When the shift rod 21 is rotated in the normal rotation direction F from the neutral state N shown in FIG. 2, the slide rod 29 is moved leftward as the positioning ball 26 rides over the recess 19a as shown in FIG. And the claw 20a of the dog clutch 20 meshes with the claw 16a of the forward rotation gear 16, and the rotation of the drive shaft 14 is transmitted to the propeller shaft 19 via the drive gear 15 and the forward rotation gear 16,
When the shift rod 21 is rotated in the reverse rotation direction R, the slide rod 29 and the dog clutch 20 move rightward in the drawing, and the pawl 20b of the dog clutch 20 meshes with the pawl 17a of the reverse gear 17 to drive. The rotation of the shaft 14 is transmitted to the propeller shaft 19 via the drive gear 15 and the reverse gear 17.

[0018]

As is apparent from the above description, according to the first aspect of the present invention, the rotation of the shift rod can be converted into the sliding movement of the rotating slide rod, so that the components of the shift mechanism are provided. The number of points can be reduced, the durability can be improved, and the shift operation load can be reduced.

According to the second aspect of the present invention, even if the width of the casing is smaller than the width of the shift rod and the cross pin portion,
The cross pin section can be incorporated, and the underwater resistance of the casing that houses the shift device can be reduced.

[Brief description of the drawings]

FIG. 1 is a side view showing an example of an outboard motor to which the present invention is applied.

FIG. 2 is a sectional view showing an embodiment of a shift device for an outboard motor according to the present invention.

FIG. 3 is an enlarged sectional view of a main part of FIG. 2;

FIG. 4 is a sectional view taken along line AA of FIG. 2 and viewed in the direction of the arrow.

FIG. 5 is a sectional view taken along line BB in FIG. 2 and viewed in the direction of the arrow.

FIG. 6 is an exploded perspective view of FIG.

FIG. 7 is a sectional view showing a conventional shift device for an outboard motor.

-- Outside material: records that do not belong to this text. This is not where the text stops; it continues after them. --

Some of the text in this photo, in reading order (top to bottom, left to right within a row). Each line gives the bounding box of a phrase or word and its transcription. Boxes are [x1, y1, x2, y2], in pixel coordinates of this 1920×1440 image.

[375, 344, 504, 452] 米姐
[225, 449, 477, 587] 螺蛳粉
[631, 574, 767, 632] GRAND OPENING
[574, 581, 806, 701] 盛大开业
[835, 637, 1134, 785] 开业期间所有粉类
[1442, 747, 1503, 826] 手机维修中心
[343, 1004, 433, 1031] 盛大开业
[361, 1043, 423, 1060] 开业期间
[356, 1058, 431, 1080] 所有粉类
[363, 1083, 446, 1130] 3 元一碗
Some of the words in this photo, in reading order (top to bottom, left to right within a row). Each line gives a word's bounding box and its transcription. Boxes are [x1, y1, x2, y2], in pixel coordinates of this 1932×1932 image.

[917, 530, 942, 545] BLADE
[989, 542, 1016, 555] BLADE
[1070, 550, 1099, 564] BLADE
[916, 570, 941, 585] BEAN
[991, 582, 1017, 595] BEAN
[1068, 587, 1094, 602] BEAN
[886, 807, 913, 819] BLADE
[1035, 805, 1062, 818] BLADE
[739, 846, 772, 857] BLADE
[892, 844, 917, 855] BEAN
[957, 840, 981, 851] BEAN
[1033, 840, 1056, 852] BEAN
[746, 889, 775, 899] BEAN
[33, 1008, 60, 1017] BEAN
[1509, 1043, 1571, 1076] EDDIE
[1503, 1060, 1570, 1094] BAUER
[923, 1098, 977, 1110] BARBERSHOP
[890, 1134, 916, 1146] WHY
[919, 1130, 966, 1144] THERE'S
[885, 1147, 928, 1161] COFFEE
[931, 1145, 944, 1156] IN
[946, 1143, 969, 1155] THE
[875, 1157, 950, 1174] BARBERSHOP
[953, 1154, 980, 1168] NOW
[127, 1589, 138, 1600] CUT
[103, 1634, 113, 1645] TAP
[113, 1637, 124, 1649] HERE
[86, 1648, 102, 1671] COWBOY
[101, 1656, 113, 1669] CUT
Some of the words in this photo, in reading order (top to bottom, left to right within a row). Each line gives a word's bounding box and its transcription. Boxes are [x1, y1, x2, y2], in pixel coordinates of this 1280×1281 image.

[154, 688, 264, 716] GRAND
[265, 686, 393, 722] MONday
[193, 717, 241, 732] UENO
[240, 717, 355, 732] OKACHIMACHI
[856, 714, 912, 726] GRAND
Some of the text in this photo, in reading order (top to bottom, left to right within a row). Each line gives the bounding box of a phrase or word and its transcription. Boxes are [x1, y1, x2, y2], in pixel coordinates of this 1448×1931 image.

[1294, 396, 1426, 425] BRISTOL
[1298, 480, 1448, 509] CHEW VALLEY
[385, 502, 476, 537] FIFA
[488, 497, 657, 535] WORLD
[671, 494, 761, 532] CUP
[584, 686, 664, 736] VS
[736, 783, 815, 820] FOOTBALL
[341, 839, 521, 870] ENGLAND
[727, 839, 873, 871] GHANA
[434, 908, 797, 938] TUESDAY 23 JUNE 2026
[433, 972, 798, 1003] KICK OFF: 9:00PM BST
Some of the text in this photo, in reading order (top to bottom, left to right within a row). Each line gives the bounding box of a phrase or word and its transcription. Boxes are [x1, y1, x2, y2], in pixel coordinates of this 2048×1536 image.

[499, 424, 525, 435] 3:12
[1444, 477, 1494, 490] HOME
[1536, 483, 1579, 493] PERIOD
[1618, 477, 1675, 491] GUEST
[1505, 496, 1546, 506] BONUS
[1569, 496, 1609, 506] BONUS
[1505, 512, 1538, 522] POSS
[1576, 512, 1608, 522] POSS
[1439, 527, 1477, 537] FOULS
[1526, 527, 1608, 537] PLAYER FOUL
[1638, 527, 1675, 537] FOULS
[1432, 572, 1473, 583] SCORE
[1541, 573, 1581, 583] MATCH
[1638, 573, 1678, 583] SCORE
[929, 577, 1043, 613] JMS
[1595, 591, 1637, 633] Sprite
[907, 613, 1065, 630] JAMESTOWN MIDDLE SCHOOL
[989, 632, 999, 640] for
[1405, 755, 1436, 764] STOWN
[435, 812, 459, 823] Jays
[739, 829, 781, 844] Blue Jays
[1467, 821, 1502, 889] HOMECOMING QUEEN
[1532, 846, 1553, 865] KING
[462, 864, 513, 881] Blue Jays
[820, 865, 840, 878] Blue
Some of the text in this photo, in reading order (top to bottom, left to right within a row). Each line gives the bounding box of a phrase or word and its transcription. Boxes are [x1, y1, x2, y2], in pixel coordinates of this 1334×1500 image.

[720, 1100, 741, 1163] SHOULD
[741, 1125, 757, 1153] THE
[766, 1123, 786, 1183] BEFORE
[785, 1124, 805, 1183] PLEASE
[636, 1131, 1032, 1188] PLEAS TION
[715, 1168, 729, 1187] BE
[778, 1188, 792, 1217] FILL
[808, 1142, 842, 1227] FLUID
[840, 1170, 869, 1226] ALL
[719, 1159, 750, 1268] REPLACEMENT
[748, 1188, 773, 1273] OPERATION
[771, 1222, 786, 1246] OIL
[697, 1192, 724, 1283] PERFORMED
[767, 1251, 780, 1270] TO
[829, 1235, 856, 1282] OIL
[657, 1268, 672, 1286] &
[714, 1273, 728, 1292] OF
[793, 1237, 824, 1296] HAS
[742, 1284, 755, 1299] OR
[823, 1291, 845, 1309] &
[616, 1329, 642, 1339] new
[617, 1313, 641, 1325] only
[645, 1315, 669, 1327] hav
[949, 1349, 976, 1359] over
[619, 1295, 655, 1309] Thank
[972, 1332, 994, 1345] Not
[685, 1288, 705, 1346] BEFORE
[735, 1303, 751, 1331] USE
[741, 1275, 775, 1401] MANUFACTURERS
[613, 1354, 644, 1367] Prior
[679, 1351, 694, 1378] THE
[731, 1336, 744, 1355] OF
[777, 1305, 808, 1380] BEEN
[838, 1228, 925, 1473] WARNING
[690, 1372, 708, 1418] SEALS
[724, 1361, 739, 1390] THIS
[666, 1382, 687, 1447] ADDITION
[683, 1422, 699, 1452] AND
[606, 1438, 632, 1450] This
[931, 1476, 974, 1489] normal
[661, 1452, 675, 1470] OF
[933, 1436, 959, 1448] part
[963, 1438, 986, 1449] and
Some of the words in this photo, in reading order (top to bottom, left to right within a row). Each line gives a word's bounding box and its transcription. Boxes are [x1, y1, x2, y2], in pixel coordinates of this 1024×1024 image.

FIG. 8 is a sectional view of a main part showing another example of a conventional shift device.

[Explanation of symbols]

 DESCRIPTION OF SYMBOLS 13 ... Casing 14 ... Drive shaft 15 ... Drive gear 16 ... Forward rotation gear 17 ... Reverse rotation gear 19 ... Propeller shaft 20 ... Dog clutch 21 ... Shift rod, 21b ... Crank pin part 29 ... Slide rod, 29f ... Engagement part

Claims (2)

[Claims] 1. A drive shaft disposed vertically in a casing of an outboard motor, a propeller shaft disposed horizontally in the casing, and a drive gear fixed to a tip of the drive shaft. A forward rotation gear and a reverse rotation gear disposed on an outer periphery of the propeller shaft and meshed with the drive gear; and a forward rotation gear or a reverse rotation gear disposed on the outer periphery of the propeller shaft so as to be rotatable and slidable. A dog clutch slidably disposed inside the propeller shaft, one end of which is connected to the dog clutch, and an engagement portion formed at the other end; A shift rod disposed in a vertical direction, and a crank pin formed at a lower end of the shift rod so as to be eccentric from an axis. Shift device for an outboard motor, characterized in that engaged in part. 2. The shift rod according to claim 1, wherein the shift rod is in contact with a bearing portion of a casing, and a longitudinal width of the bearing portion is set to be larger than a width of the shift rod and a crank pin portion. Outboard shift equipment.